◆ Task to complete:
Apart from the pictures, every record here must be copied word for word.
[Supplied information — start]
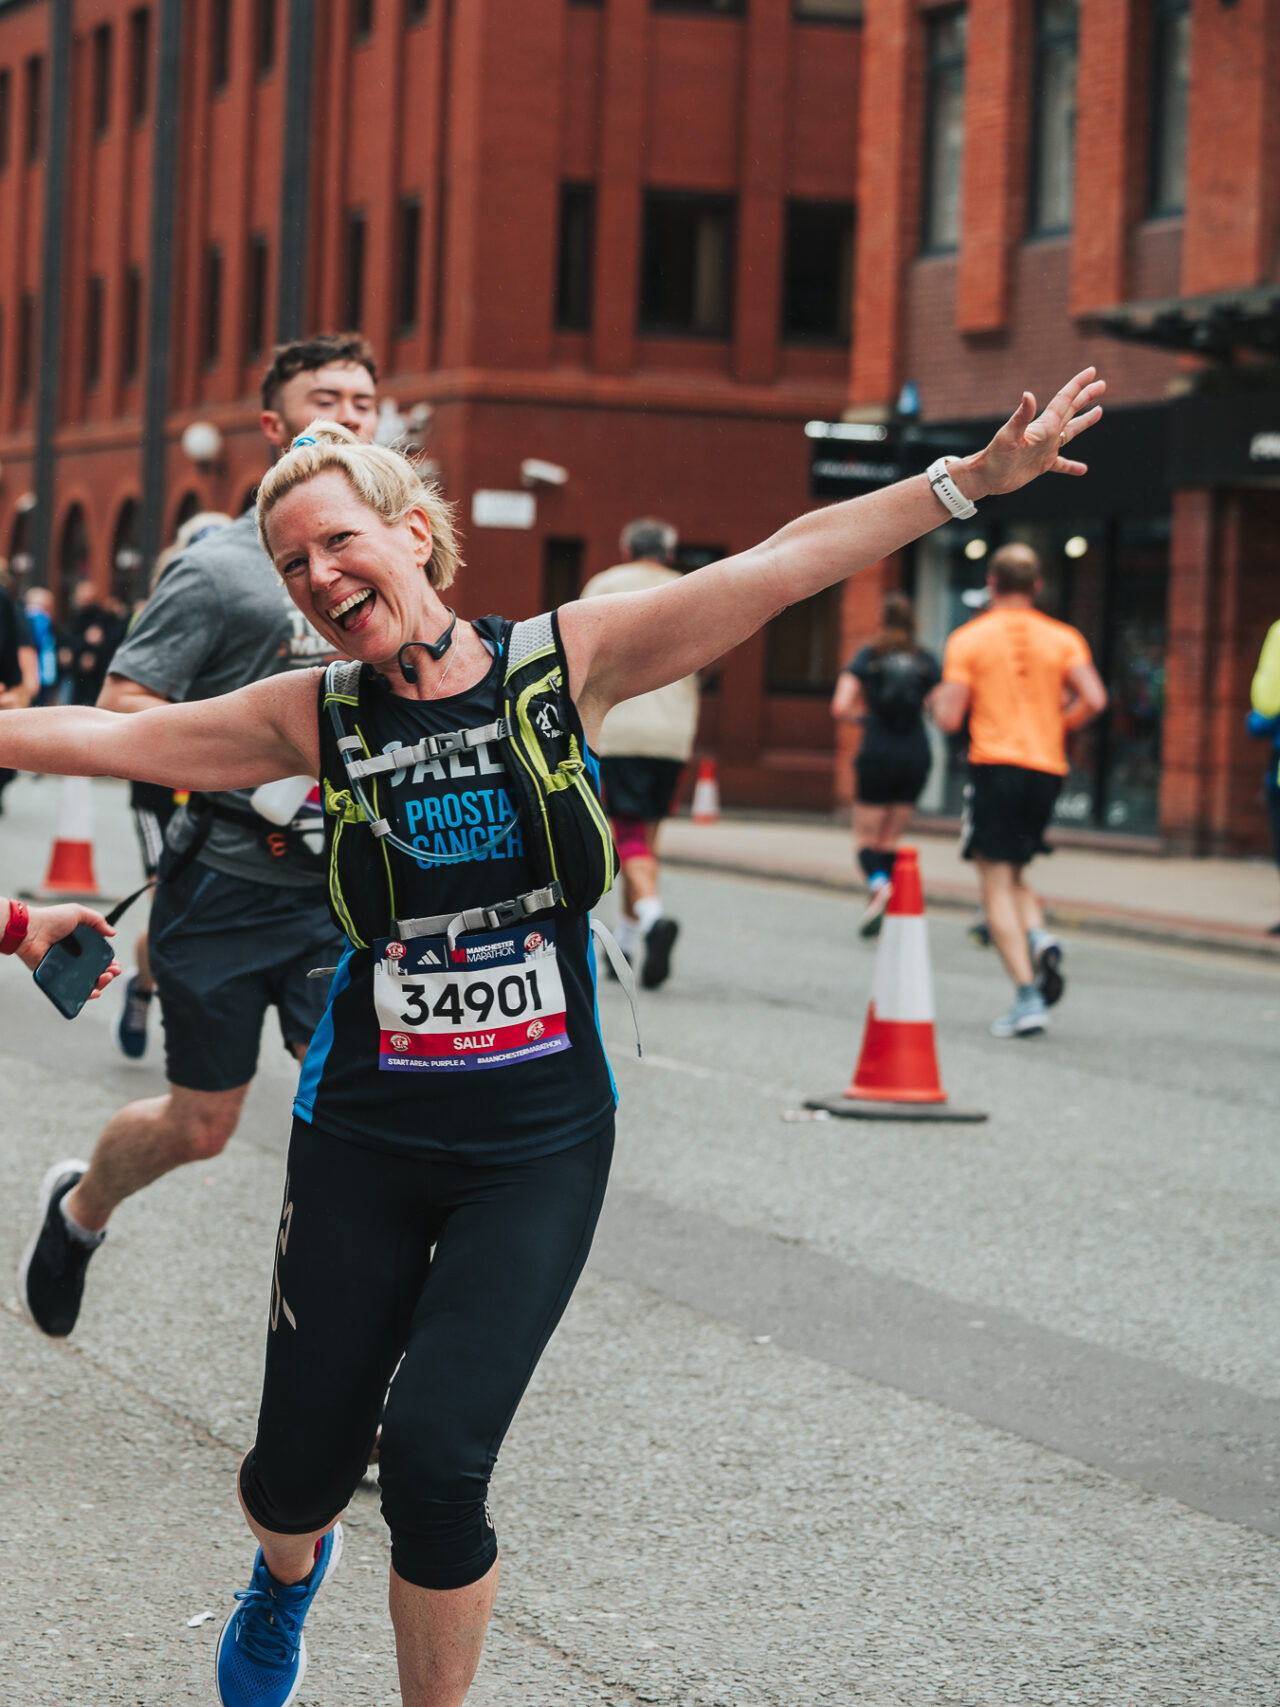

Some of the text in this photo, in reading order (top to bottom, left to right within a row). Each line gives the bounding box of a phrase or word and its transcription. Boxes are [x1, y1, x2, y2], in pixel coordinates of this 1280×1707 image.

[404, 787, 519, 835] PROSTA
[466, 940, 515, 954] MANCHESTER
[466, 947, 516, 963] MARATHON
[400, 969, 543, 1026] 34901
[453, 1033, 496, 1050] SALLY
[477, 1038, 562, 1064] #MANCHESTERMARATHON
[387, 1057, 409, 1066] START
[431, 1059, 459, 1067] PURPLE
[Supplied information — finish]
◆ Expected answer:
Some of the text in this photo, in reading order (top to bottom, left to right within a row). Each line gives the bounding box of a phrase or word and its transcription. Boxes are [x1, y1, x2, y2], in pixel coordinates of this 1280×1707 image.

[404, 787, 519, 835] PROSTA
[466, 940, 515, 954] MANCHESTER
[466, 947, 516, 963] MARATHON
[400, 969, 543, 1026] 34901
[453, 1033, 496, 1050] SALLY
[477, 1038, 562, 1064] #MANCHESTERMARATHON
[387, 1057, 409, 1066] START
[431, 1059, 459, 1067] PURPLE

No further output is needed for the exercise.